WHAT YOU SHOULD DO. Restate every record word for word, without the pictures.
GIVEN RECORDS: Begin
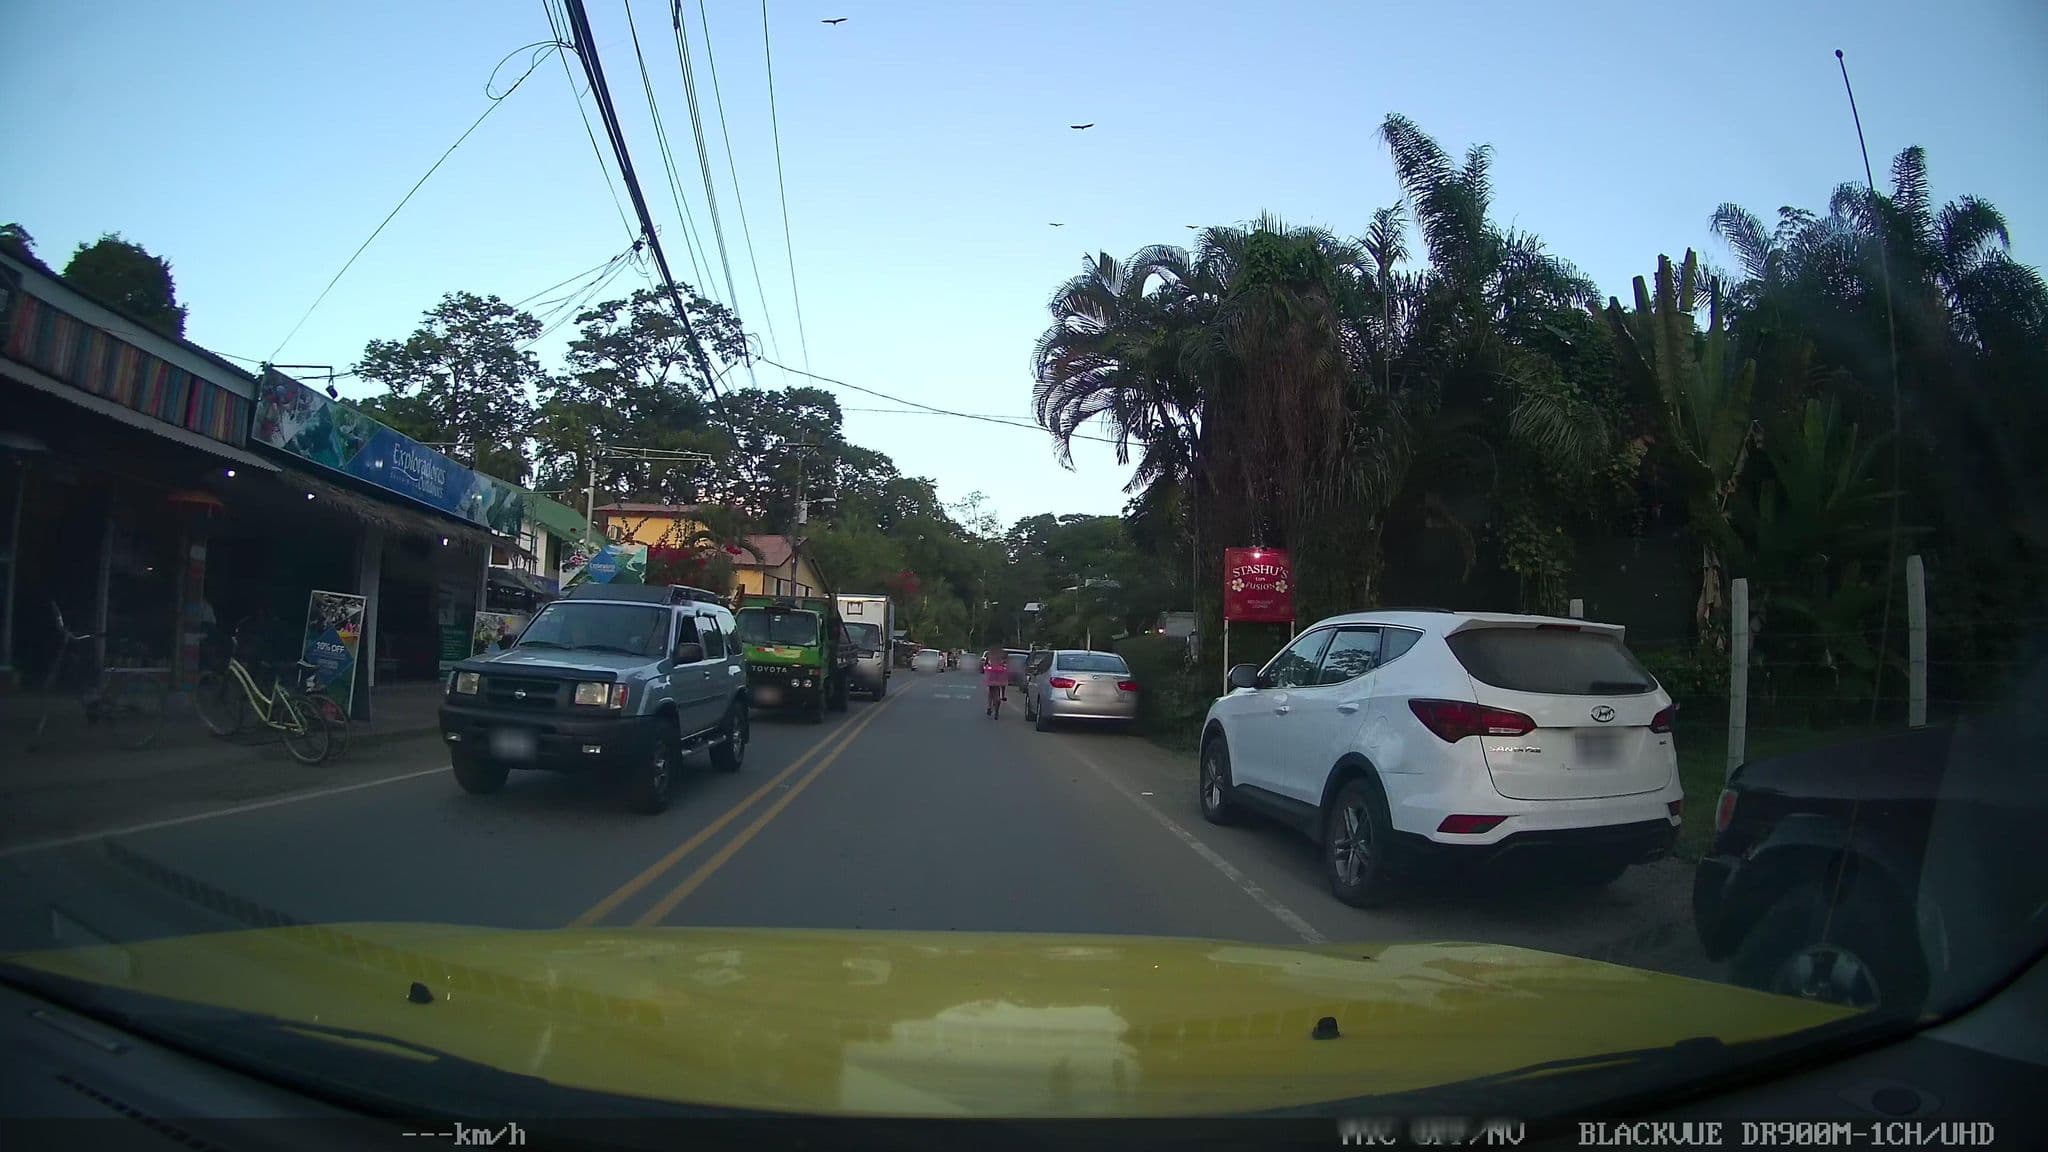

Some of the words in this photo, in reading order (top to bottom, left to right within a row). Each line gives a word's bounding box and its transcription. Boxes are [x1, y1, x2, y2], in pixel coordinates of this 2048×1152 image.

[1232, 564, 1289, 579] STASHU'S
[316, 641, 331, 652] 10%
[331, 644, 345, 655] OFF
[751, 664, 788, 673] TOYOTA
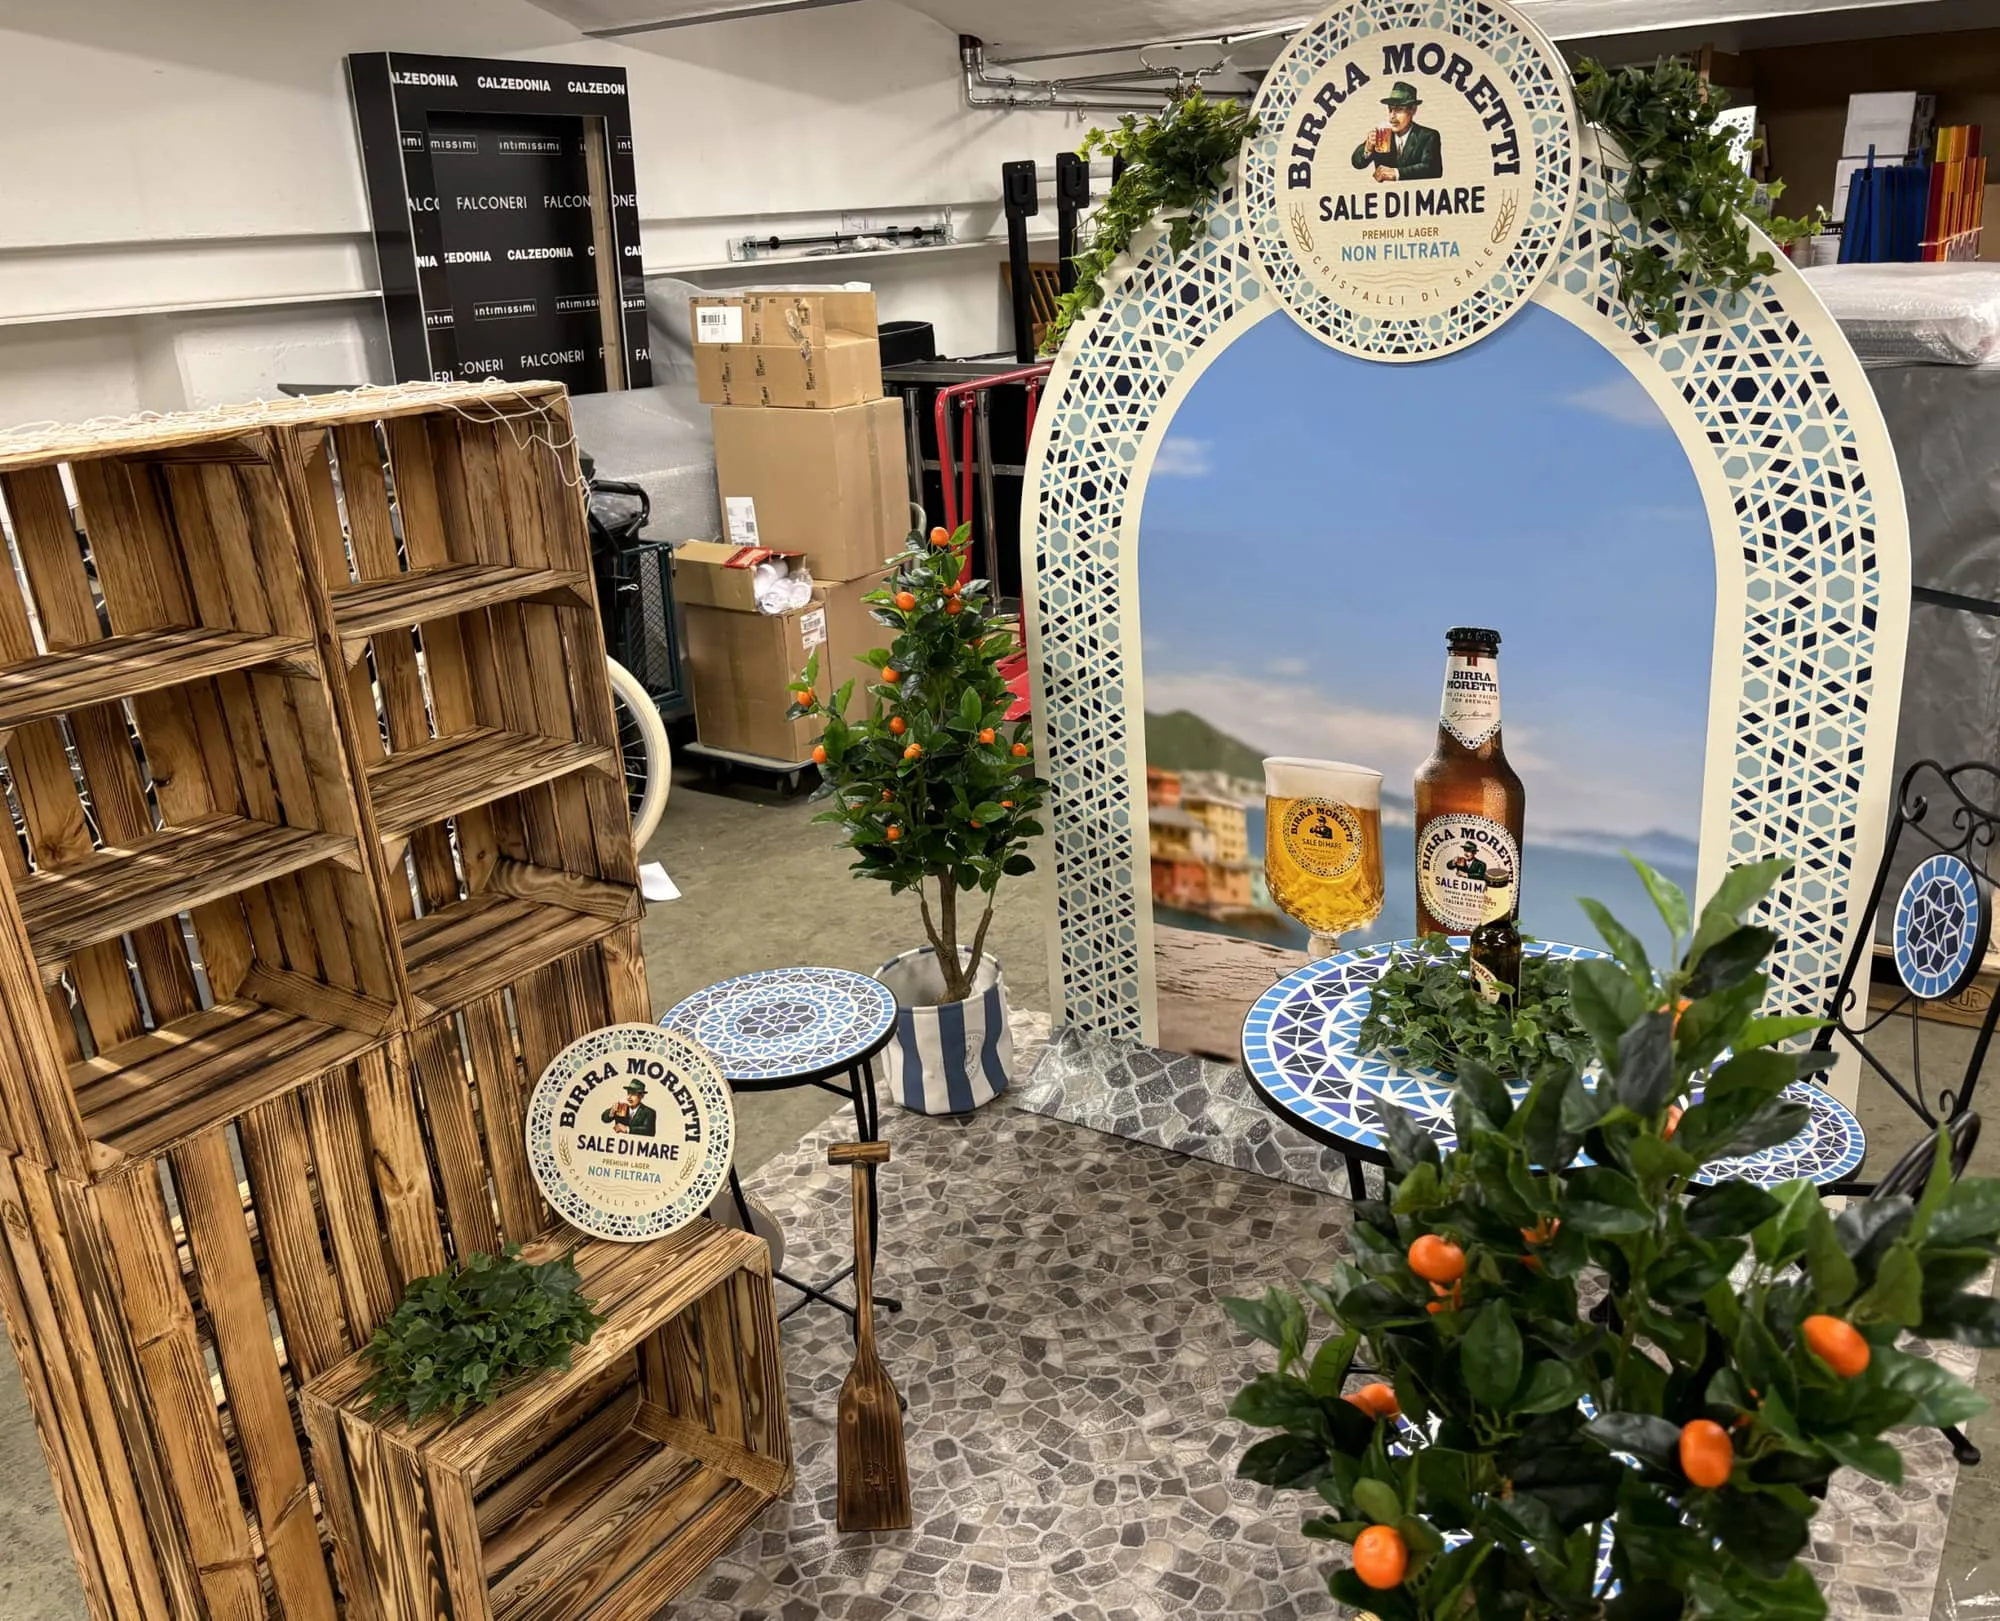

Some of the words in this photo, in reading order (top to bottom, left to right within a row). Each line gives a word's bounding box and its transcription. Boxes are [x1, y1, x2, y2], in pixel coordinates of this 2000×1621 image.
GIVEN RECORDS: End
WRITTEN SOLUTION.
Some of the words in this photo, in reading order (top to bottom, left to right within a row). Each line gives a word's bounding box and its transcription. Boxes are [x1, y1, x2, y2], in pixel coordinates of this 2048×1152 image.

[1232, 564, 1289, 579] STASHU'S
[316, 641, 331, 652] 10%
[331, 644, 345, 655] OFF
[751, 664, 788, 673] TOYOTA

Some of the words in this photo, in reading order (top to bottom, left to right within a row). Each line gives a word's bounding box and its transcription. Boxes are [x1, y1, x2, y2], in pixel coordinates of this 2000×1621 image.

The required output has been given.